▶ Task prompt
Would you write out every entry exactly, but without the pictures?

*** Block opens ***

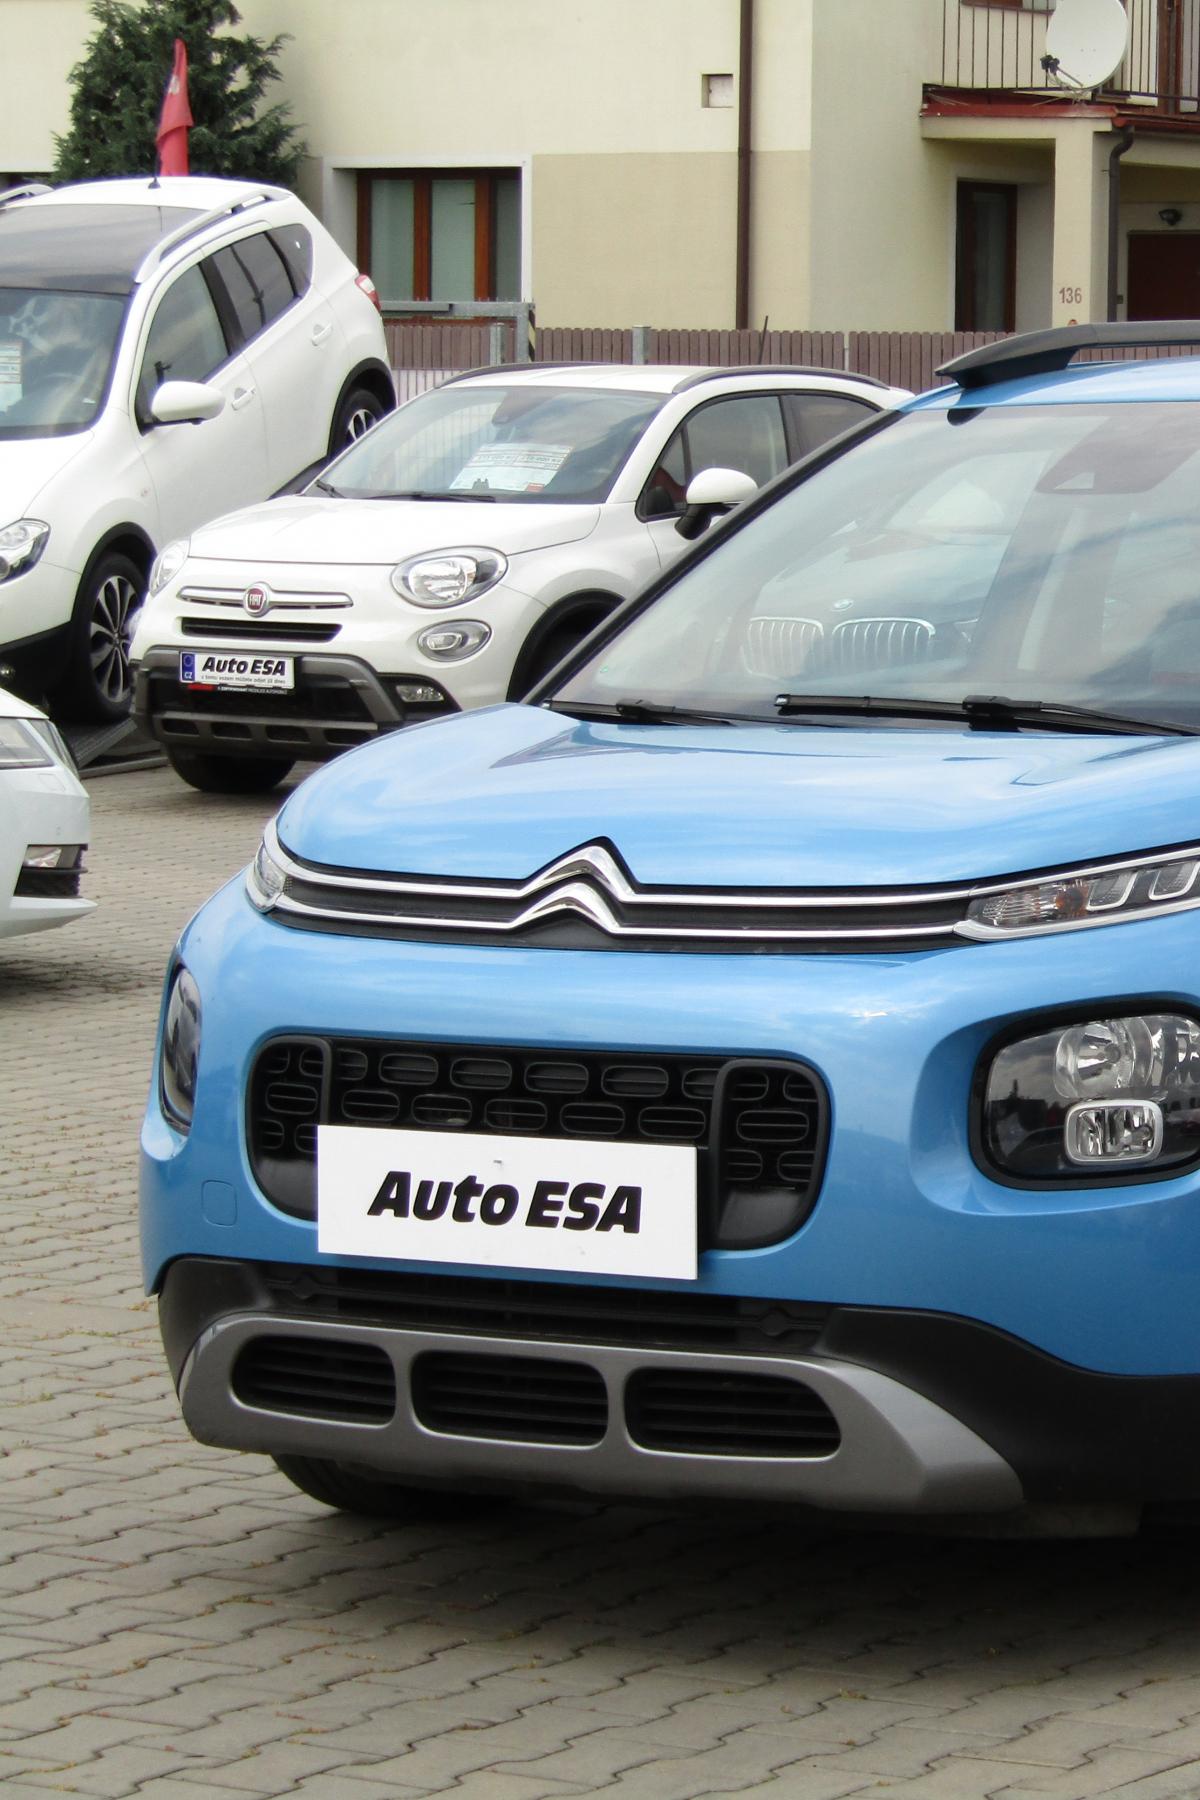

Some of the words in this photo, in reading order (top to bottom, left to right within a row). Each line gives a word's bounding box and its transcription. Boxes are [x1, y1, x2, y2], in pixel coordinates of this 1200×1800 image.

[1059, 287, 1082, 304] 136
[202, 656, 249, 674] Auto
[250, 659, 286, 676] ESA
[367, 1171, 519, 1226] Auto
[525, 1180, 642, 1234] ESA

*** Block closes ***

▶ Output
Some of the words in this photo, in reading order (top to bottom, left to right within a row). Each line gives a word's bounding box and its transcription. Boxes are [x1, y1, x2, y2], in pixel coordinates of this 1200×1800 image.

[1059, 287, 1082, 304] 136
[202, 656, 249, 674] Auto
[250, 659, 286, 676] ESA
[367, 1171, 519, 1226] Auto
[525, 1180, 642, 1234] ESA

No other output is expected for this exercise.